Il Carnevale di Putignano può vantare ben due primati: è uno dei più antichi e sicuramente il più lungo del Mondo. Uno dei più antichi perché alcuni studiosi lo fanno risalire al 26 Dicembre 1394 ed il più lungo in quanto finisce il martedì grasso come tutti gli altri carnevali, ma comincia addirittura il 26 dicembre con la pluricentenaria tradizione della Propaggine.
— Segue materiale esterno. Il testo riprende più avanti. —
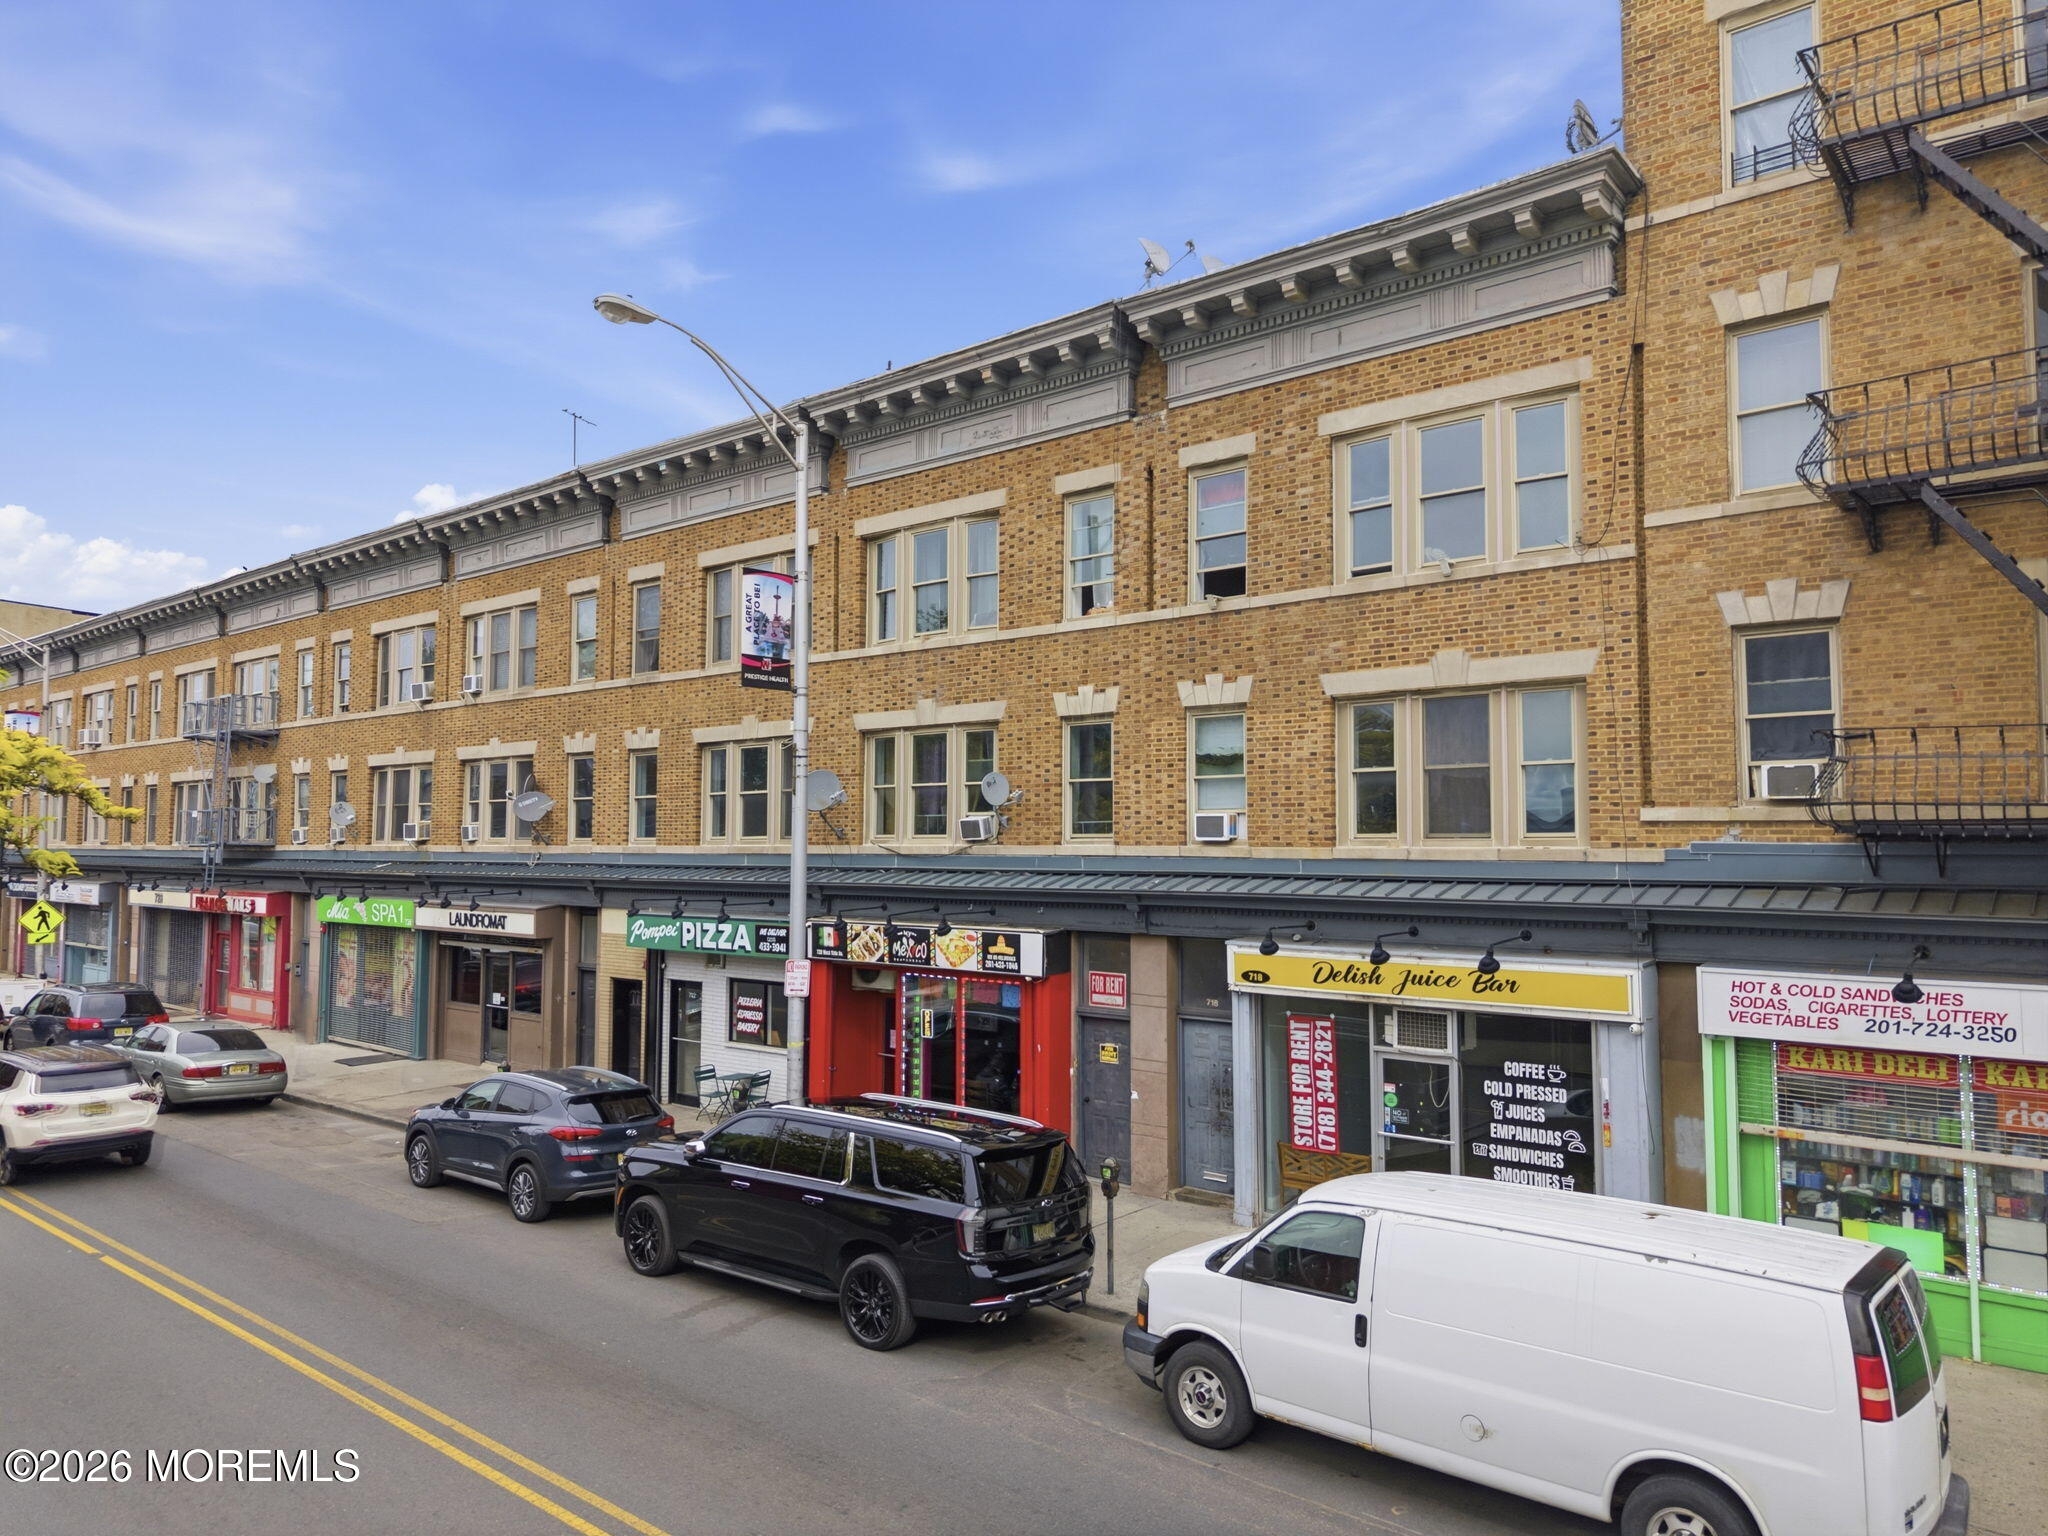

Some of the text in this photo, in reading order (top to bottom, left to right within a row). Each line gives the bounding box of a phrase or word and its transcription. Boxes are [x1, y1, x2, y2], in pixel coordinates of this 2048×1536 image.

[753, 603, 761, 615] TO
[753, 617, 761, 645] PLACE
[744, 672, 788, 683] PRESTIGE HEALTH
[449, 912, 508, 930] LAUNDROMAT
[629, 919, 752, 952] Pompei PIZZA
[1091, 974, 1124, 995] FOR RENT
[1248, 960, 1520, 996] 718 Delish Juice Bar
[737, 996, 763, 1008] PIZZERIA
[1206, 998, 1219, 1007] 718
[1731, 980, 1964, 1007] HOT & COLD SANDHES
[737, 1009, 763, 1021] ESPRESSO
[1729, 995, 2009, 1026] SODAS, CIGARETTES, LOTTERY
[737, 1022, 760, 1034] BAKERY
[1728, 1010, 2017, 1044] VEGETABLES 201-724-3250
[1503, 1061, 1546, 1080] COFFEE
[1787, 1045, 1950, 1081] KARI DELI
[1289, 1019, 1314, 1147] STORE FOR RENT
[1313, 1020, 1336, 1151] (718) 344-2821
[1483, 1080, 1567, 1103] COLD PRESSED
[1505, 1101, 1546, 1122] JUICES
[1490, 1123, 1563, 1147] EMPANADAS
[1488, 1144, 1565, 1169] SANDWICHES
[1493, 1165, 1561, 1190] SMOOTHIES
La maschera del nostro Carnevale è Farinella, la cui nascita nel suo aspetto attuale risale al 1953 ad opera del grafico Domenico Castellano e ricorda quello di un jolly, con l'abito a toppe multicolori e con sonagli applicati sulle tre punte del cappello, sulle scarpe ed alla collarina. Originariamente la maschera indossava un abito bianco e verde, che erano i colori della città ed era rappresentato nell'atto di mettere pace tra un cane ed un gatto che simboleggiavano i cittadini di Putignano. Il nome deriva dalla farinella, un antico cibo della civiltà contadina, uno sfarinato di ceci ed orzo abbrustoliti particolarmente gustoso che si usa mescolare a sughi ed intingoli, consumare con i fichi appena raccolti oppure come farina per alcuni particolari tipi di dolce.
LO SCAMBIO DEL CERO
Il 26 dicembre, data di inizio del Carnevale, durante la solenne processione di S. Stefano, protettore di Putignano, il Presidente della Fondazione Carnevale continua ad offrire, per devozione, come da antica tradizione un grosso cero al Presidente del Comitato Feste Patronali che lo porta in processione. Le origini di questo rito si perdono nel tempo; sicuramente questo gesto di devozione, e di quasi sottomissione, serviva ad ingraziarsi il clero ed a farsi perdonare in anticipo i tanti peccati che nel lungo periodo carnevalesco sarebbero stati certamente commessi.
LA PROPAGGINE
Il 26 dicembre i Putignanesi danno il benvenuto al Carnevale con la Propaggine, sicuramente una tra le tradizioni più caratterizzanti di questa manifestazione. Le sue radici, però, non sono concordemente accertate: alcuni, infatti, sostengono l'origine pagana, altri quella religiosa; questa, però, è la più accreditata. Infatti, secondo una leggenda locale, le origini della Propaggine risalirebbero al lontano 26 dicembre 1394, durante la solenne traslazione delle reliquie di Santo Stefano Protomartire da Monopoli a Putignano dove tuttora sono custodite nella chiesa di S. Maria la Greca. Si narra che alcuni contadini putignanesi intenti a piantare le viti si unirono al corteo sacro con balli, canti e versi a rima baciata. Nel corso dei secoli, la festa del 26 dicembre ha perso parte dei suoi contenuti religiosi per acquistare un carattere più squisitamente critico e satirico nei confronti dei personaggi più in vista della città. Una curiosità! Nei primi anni del 1800 in occasione delle Propaggini una ordinanza del Sindaco vietò l'uso delle zappe e degli altri attrezzi agricoli; in quanto, essendo di ferro, potevano scheggiare la rinnovata pavimentazione del centro storico. Nel contempo, impose l'uso di attrezzi in legno ai propagginanti che, nel declamare i versi, fingevano di lavorare la terra.
LA CARTAPESTA
L'abile maestria dei cartapestai si concretizza nello splendore di carri allegorici ricchi di colore, movimento, creatività e cura dei dettagli. L'odierna tecnica della cartapesta passa dalla lavorazione dell'argilla per il positivo, al calco in gesso per il negativo che viene poi riempito da diversi strati di carta di giornale tagliata in piccoli pezzetti e fissata con colla di farina. Successivamente, si rimuove la cartapesta dal calco ottenendo così la forma in "positivo" che viene prima rivestita con pezzi di carta cemento (impermeabile e resistente) o poi dipinta con colori idrosolubili. Grazie alla leggerezza dei materiali sono stati creati carri di dimensioni maggiori e con movimenti effettuati attraverso leve mosse da uomini.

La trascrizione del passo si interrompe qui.